Par Marie-Maude Bossiroy

Dans ma classe de français au secondaire, quelques-uns des élèves les plus faibles sont assez réfractaires à la lecture. J’ai à peine le temps de sortir un roman de ma mallette qu’ils soupirent déjà de découragement. En fait, ils sont effrayés, parce qu’ils savent d’emblée qu’ils n’arriveront pas à suivre le groupe. Serait-il  possible pour eux de renouer avec le plaisir de lire?

 

Un livre à sa pointure

Dans l’enseignement primaire, on insiste souvent sur la nécessité, pour les élèves, de s’approprier des œuvres « à leur pointure ».  Ainsi, un peu comme une paire de chaussures, l’oeuvre littéraire doit correspondre aux besoins particuliers de l’enfant. Bref, il y a une forme de différenciation qui est souhaitée et souhaitable, pour que tous aient un contact positif avec la lecture.

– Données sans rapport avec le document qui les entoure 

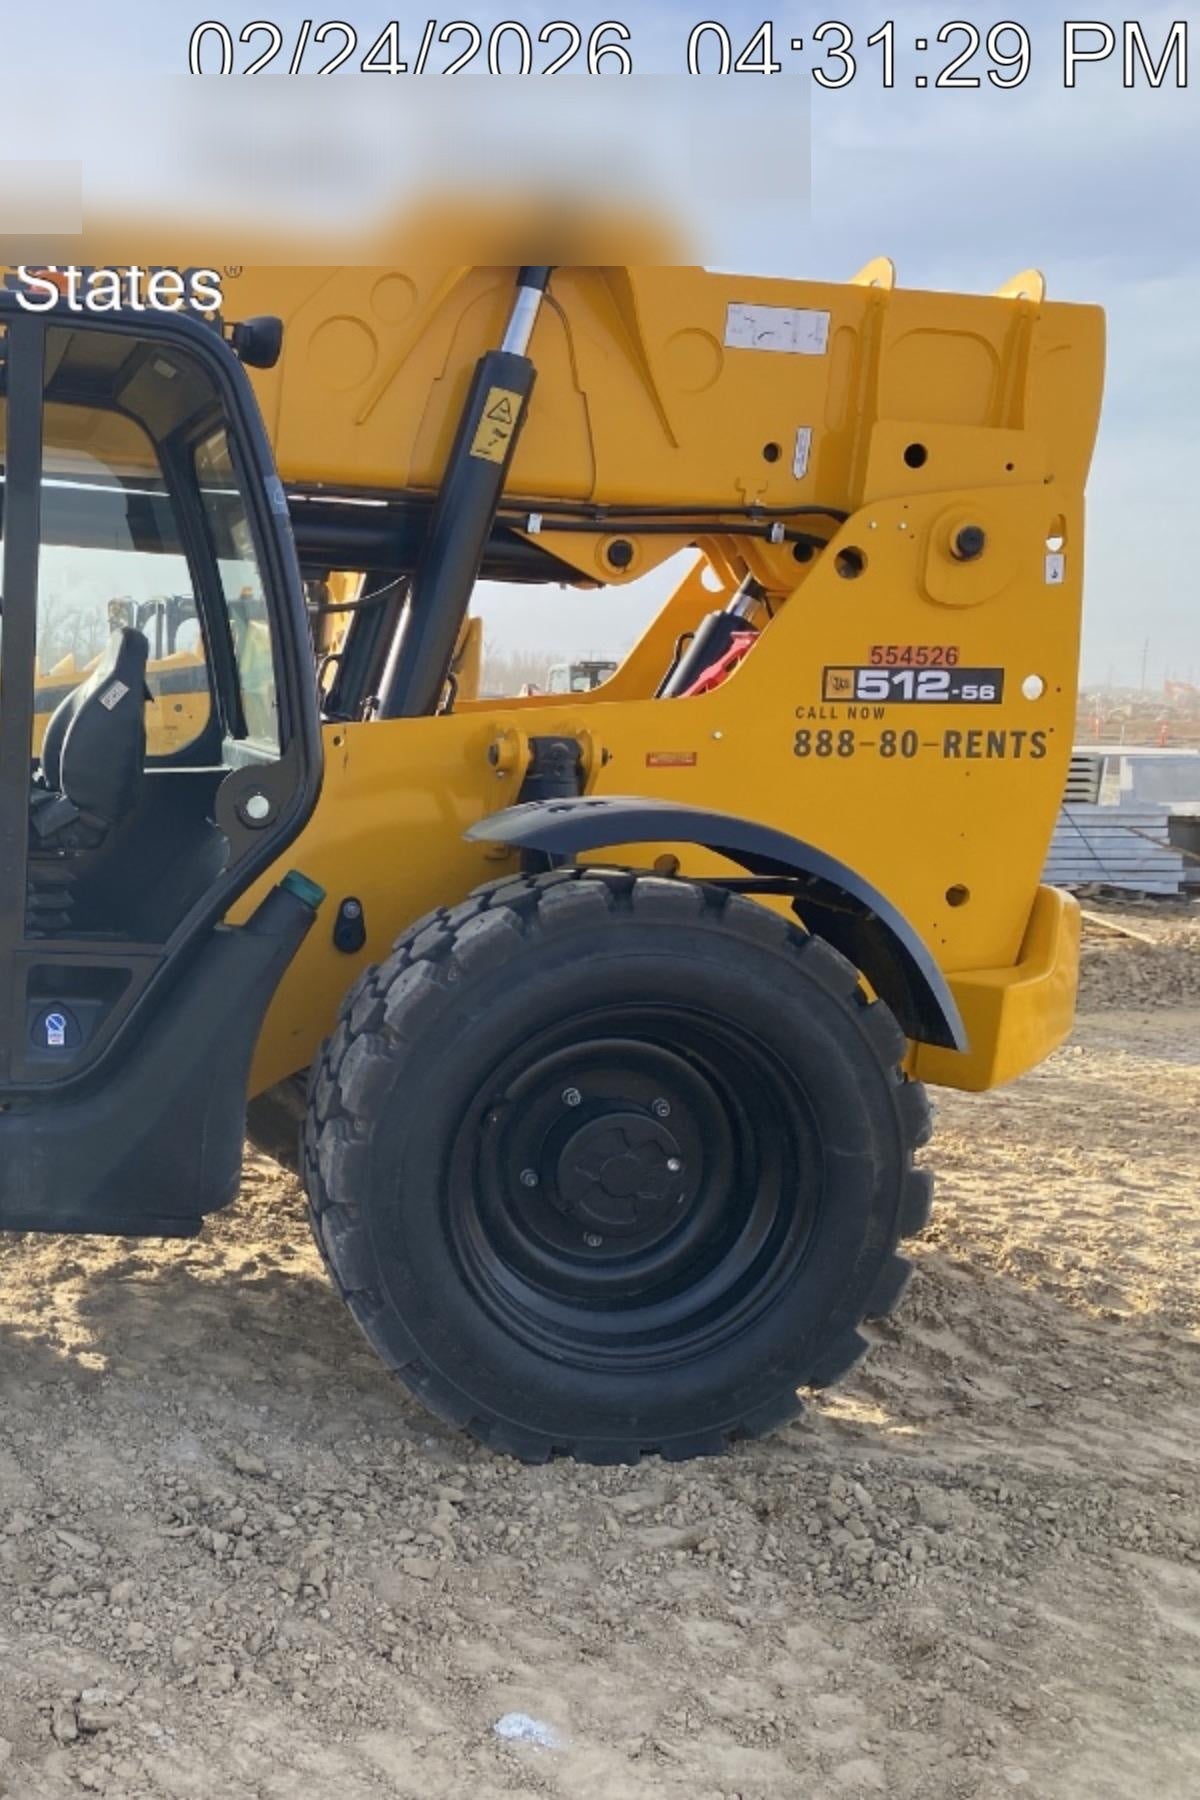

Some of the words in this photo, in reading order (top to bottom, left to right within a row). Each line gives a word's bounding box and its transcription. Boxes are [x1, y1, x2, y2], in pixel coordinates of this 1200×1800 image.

[870, 645, 959, 666] 554526
[855, 669, 996, 700] 512-56
[794, 706, 839, 719] CALL
[847, 707, 886, 720] NOW
[793, 728, 1048, 759] 888-80-RENTS
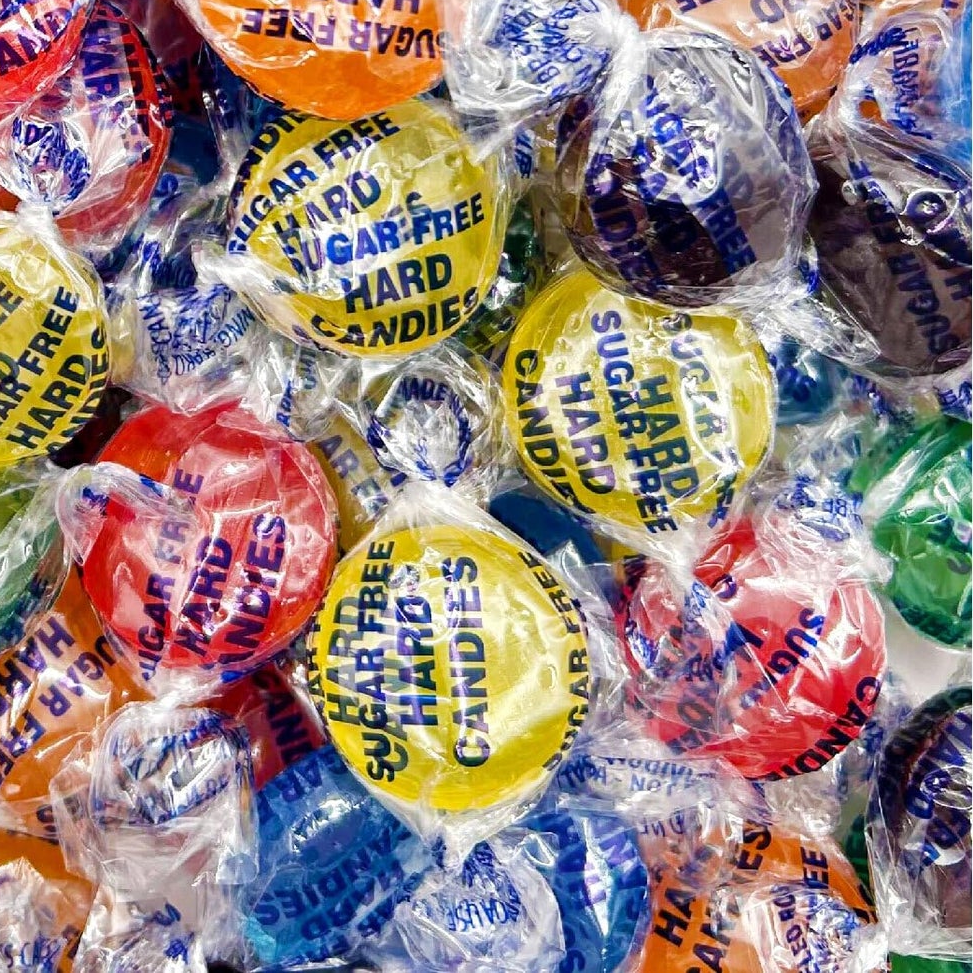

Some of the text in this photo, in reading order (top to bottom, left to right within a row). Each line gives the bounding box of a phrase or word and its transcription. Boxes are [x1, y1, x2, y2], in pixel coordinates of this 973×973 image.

[242, 7, 337, 47] FREE
[313, 112, 401, 169] FREE
[18, 286, 79, 376] FREE
[310, 286, 480, 348] CANDIES
[344, 253, 453, 313] HARD
[6, 354, 91, 449] HARD
[590, 310, 649, 439] SUGAR
[554, 371, 617, 495] HARD
[631, 375, 700, 499] HARD
[38, 634, 117, 719] UGAR
[328, 596, 363, 726] HARD
[355, 541, 396, 783] SUGAR FREE
[395, 595, 439, 727] HARD
[443, 556, 490, 768] CANDIES
[760, 676, 882, 782] CANDI
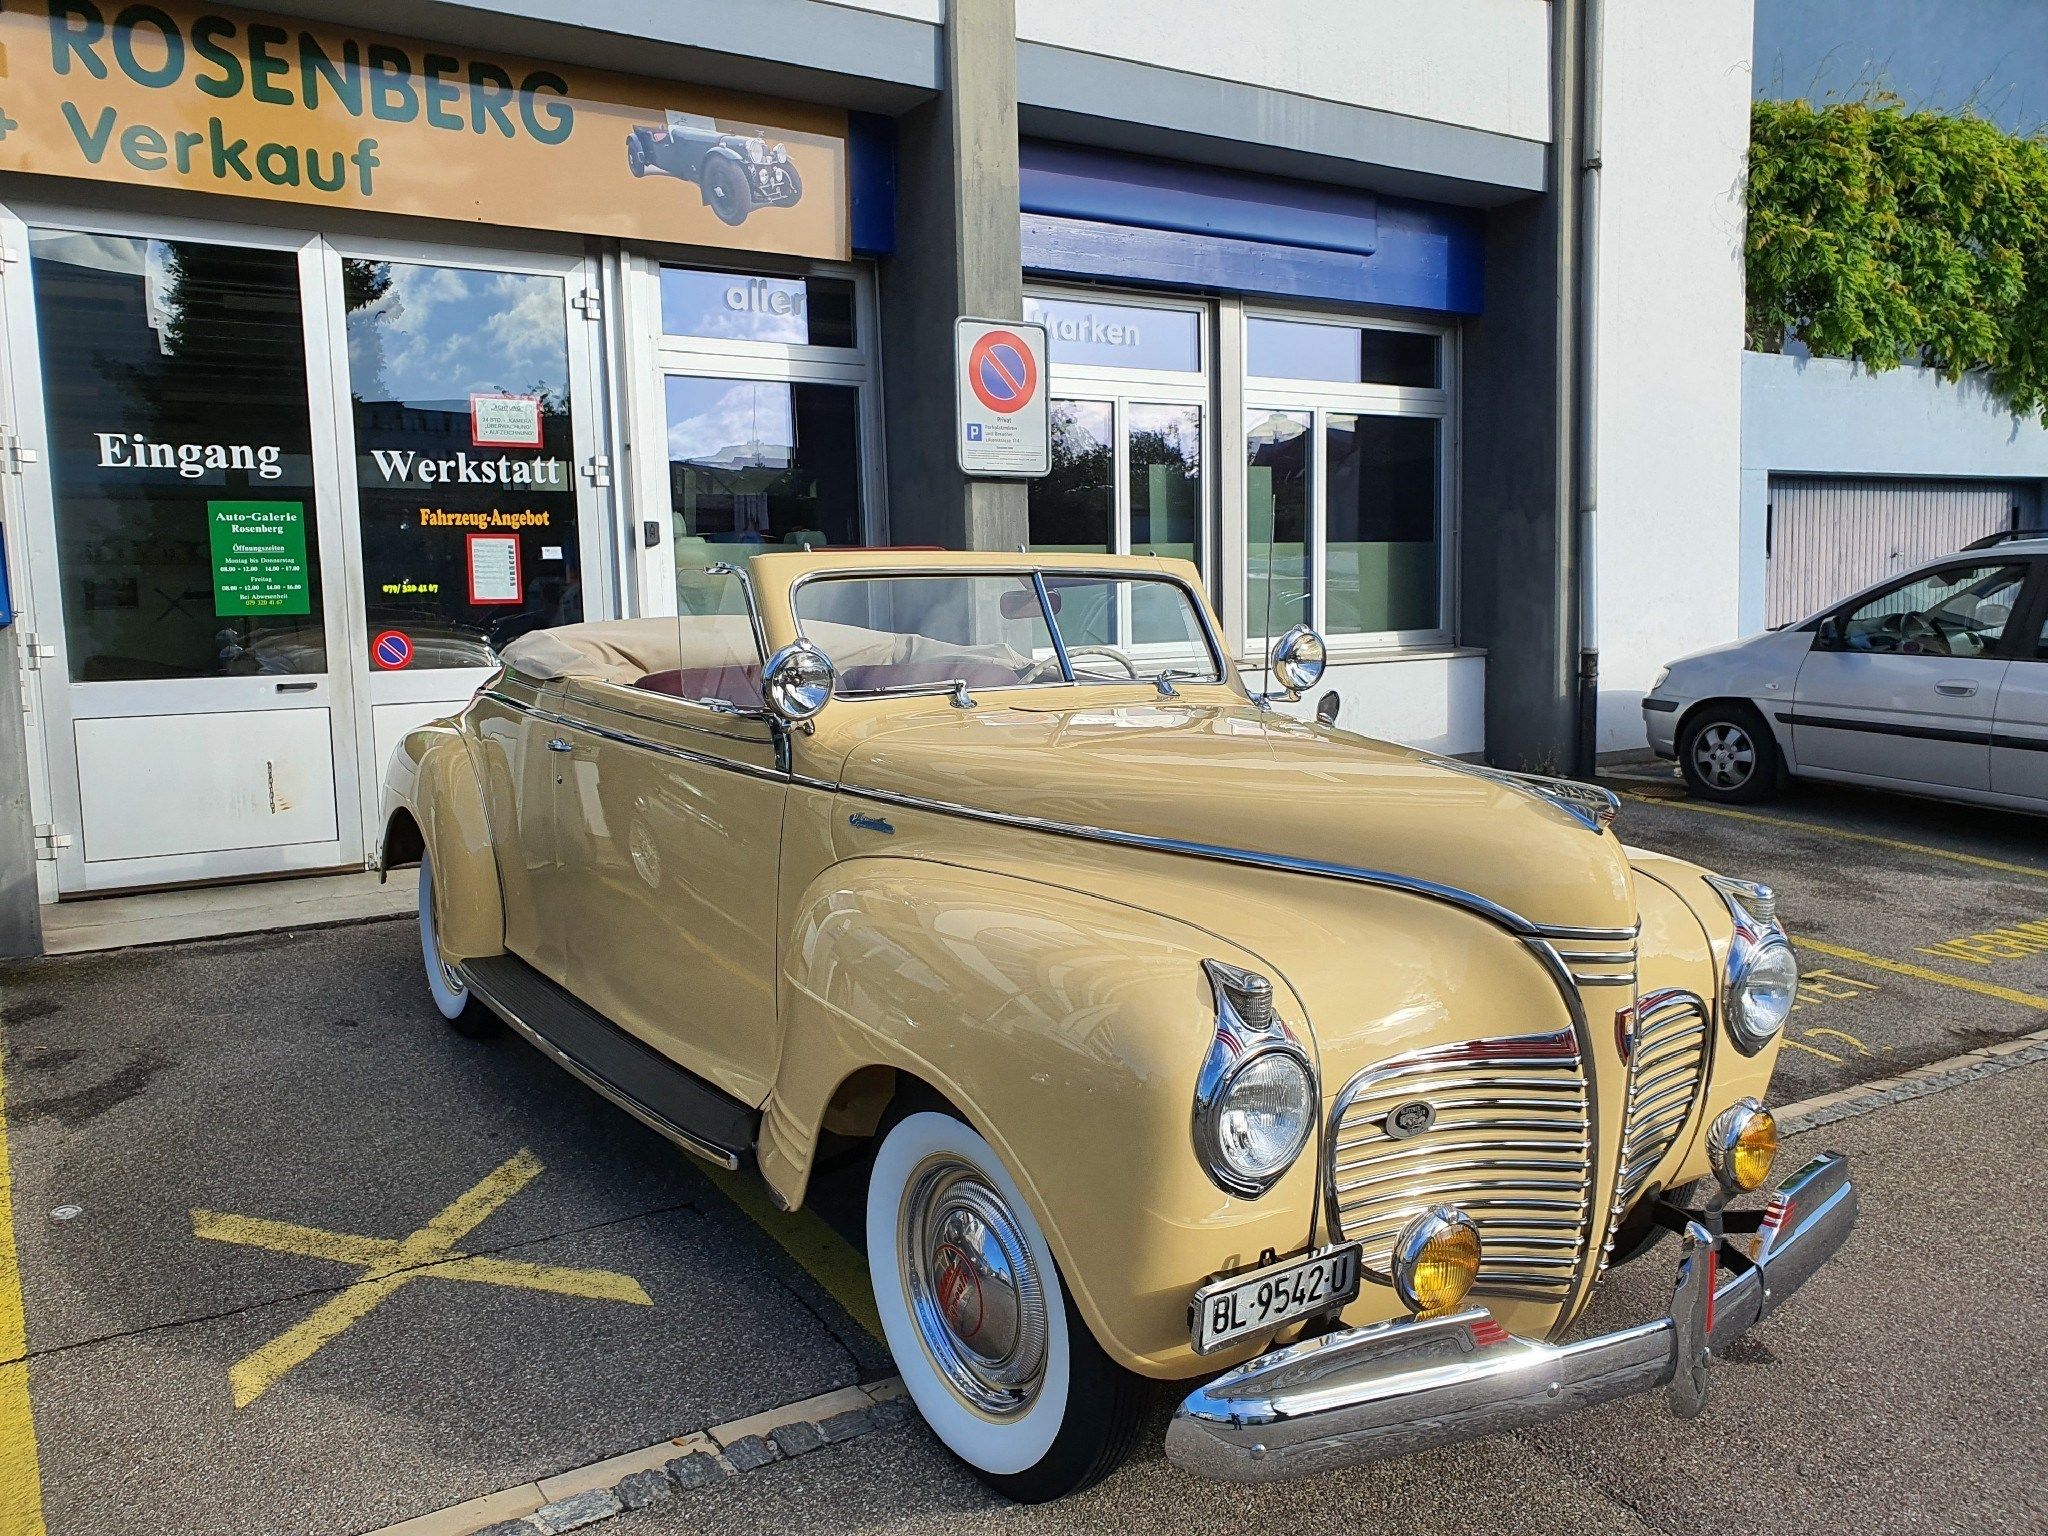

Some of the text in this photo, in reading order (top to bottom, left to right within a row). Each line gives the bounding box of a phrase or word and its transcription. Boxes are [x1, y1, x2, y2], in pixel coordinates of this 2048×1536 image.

[48, 0, 574, 145] ROSENBERG
[61, 101, 380, 196] Verkauf
[723, 278, 807, 316] aller
[997, 416, 1012, 424] Privat
[93, 432, 283, 479] Eingang
[370, 450, 560, 485] Werkstatt
[216, 512, 297, 521] Auto-Galerie
[231, 524, 284, 535] Rosenberg
[419, 508, 550, 530] Fahrzeug-Angebot
[232, 543, 285, 552] Öffnungszeiten
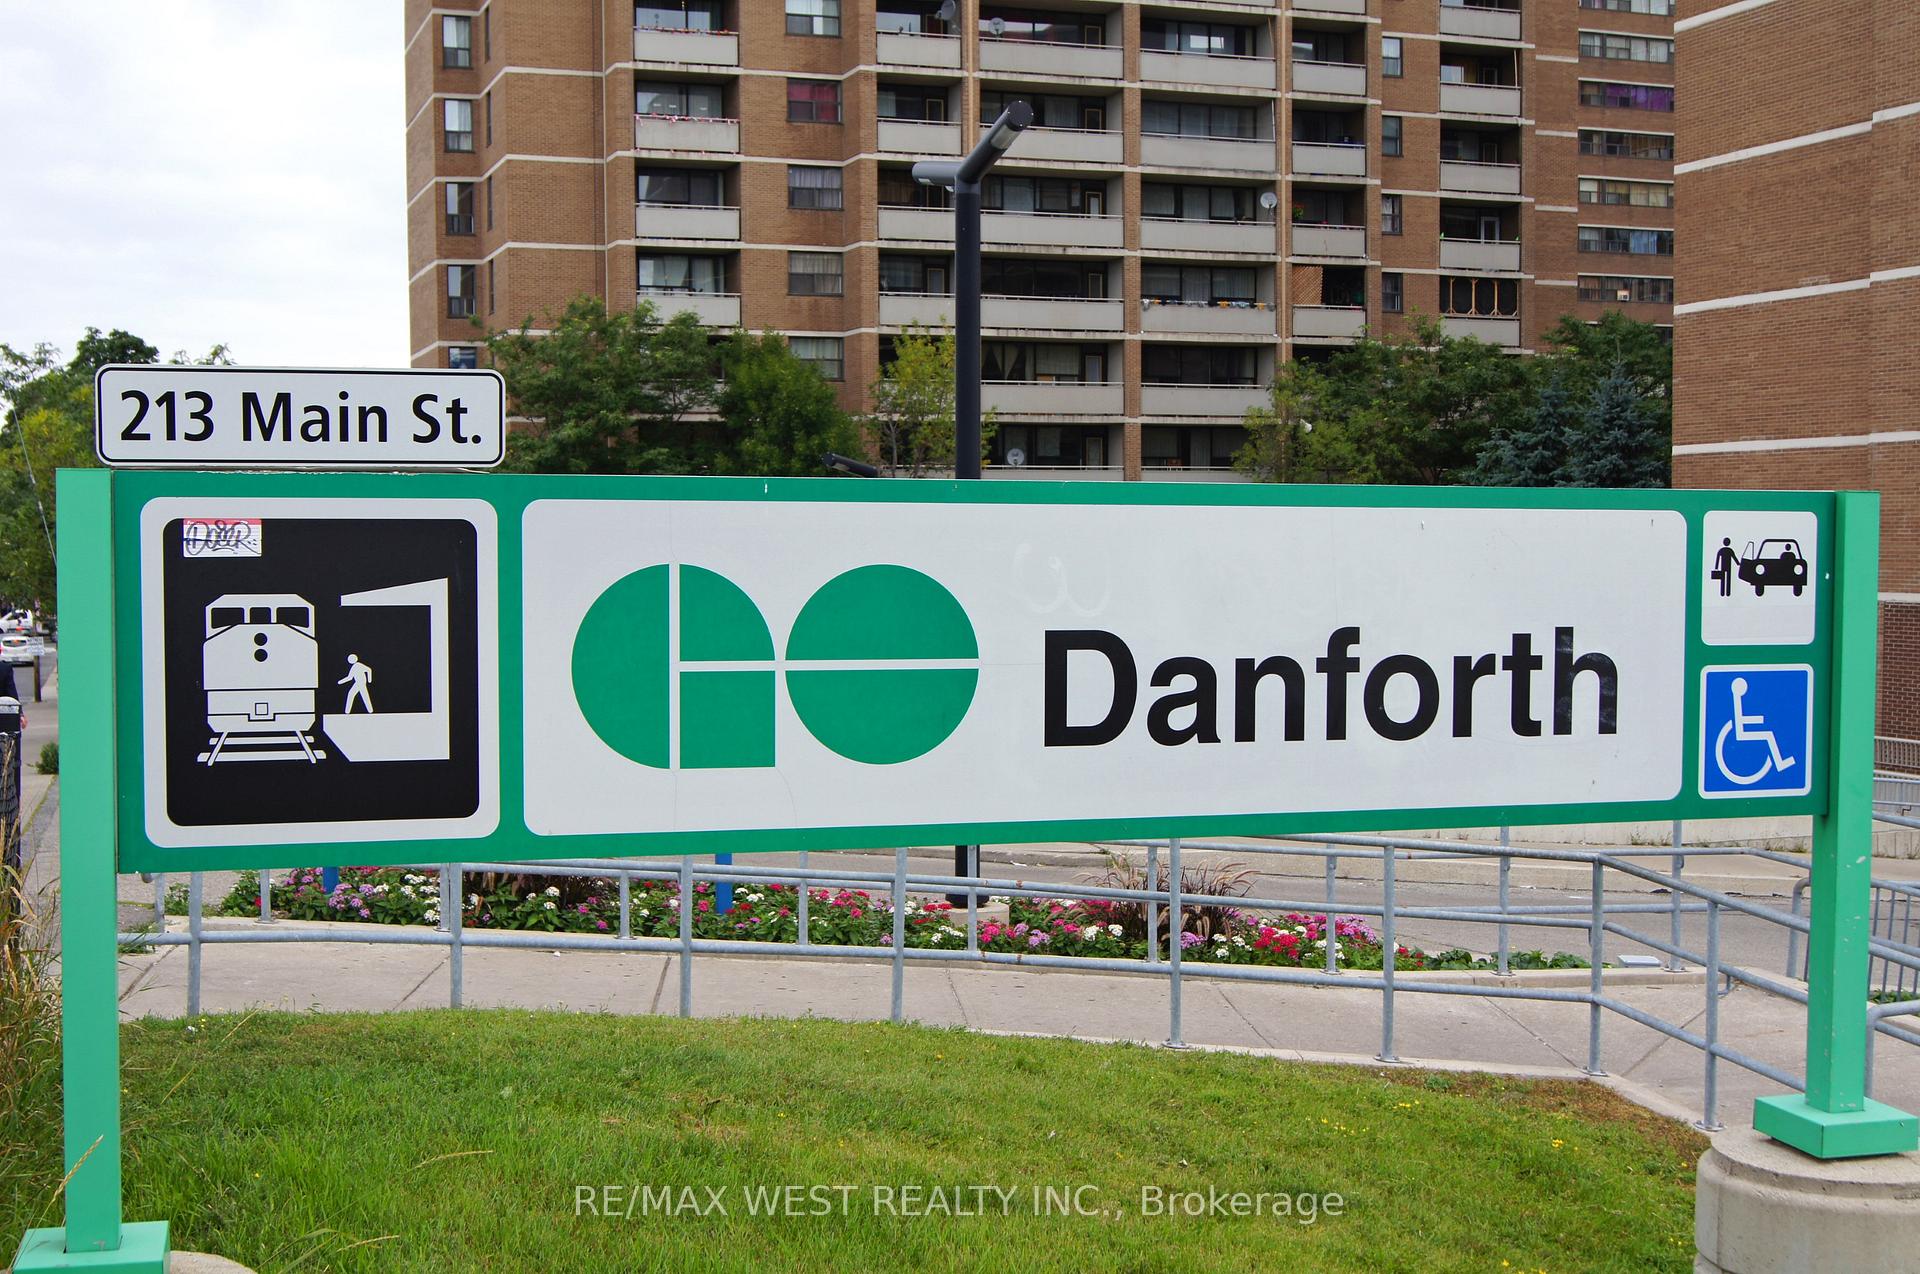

On désire qu’ils puissent découvrir la littérature par l’entremise de lectures à leur niveau, puisque le plaisir de lire ne peut émerger quand la lecture suscite des sentiments d’incompétence, éprouvés à la suite d’échecs répétés.

 

Mais au secondaire, les réflexions sur le choix de livres « à leur pointure » semblent moins présentes. En raison de diverses contraintes (plus ou moins incontournables…), il faut uniformiser les lectures. Certains élèves en difficulté (notamment ceux ayant des troubles d’apprentissage) ne sont alors confrontés qu’à des œuvres apparaissant hors de leur portée. De fait, la lecture, de manière générale, les dégoûte.

 

Louis parmi les spectres

Je n’ai pas de solution miracle à ce grand problème, mais j’ai récemment vécu une petite victoire, qui mérite, je crois, d’être partagée. Après avoir lu Louis parmi les spectres du tandem Fanny Britt et Isabelle Arsenault, une élève en difficulté est venue me voir pour me dire: « Madame, c’est le premier livre que j’aime lire. » Pour moi, ce genre de commentaire d’élève donne du sens à la profession enseignante.

 

Publié en 2016 chez La Pastèque, Louis parmi les spectres raconte l’histoire d’un garçon âgé de onze ans, qui observe, inquiet, les ravages causés par la séparation de ses parents. En même temps, il vit lui-même de premiers émois amoureux, mais la timidité le retient de s’avancer vers Billie. Très intimiste et touchant, le récit aborde des thèmes comme l’alcoolisme, l’amitié, la compassion et le courage. D’une qualité exceptionnelle, les illustrations d’Isabelle Arsenault peignent la mélancolie comme l’espoir avec autant de finesse. Ainsi, c’est une oeuvre littéraire à la fois courte et intense, simple et riche. Cette proposition permet donc d’offrir aux élèves des textes qu’ils sont en mesure de s’approprier, sans avoir l’impression de faire du « nivellement par le bas », en présentant du contenu insipide.  Il est vrai que les enseignantes peuvent avoir l’impression de devoir faire des compromis sur la qualité, en mettant au programme des textes faciles qui plairont aux élèves. Ce n’est absolument pas le cas avec Louis parmi les spectres, une bande dessinée dont la grande sensibilité saura émouvoir plusieurs générations d’élèves.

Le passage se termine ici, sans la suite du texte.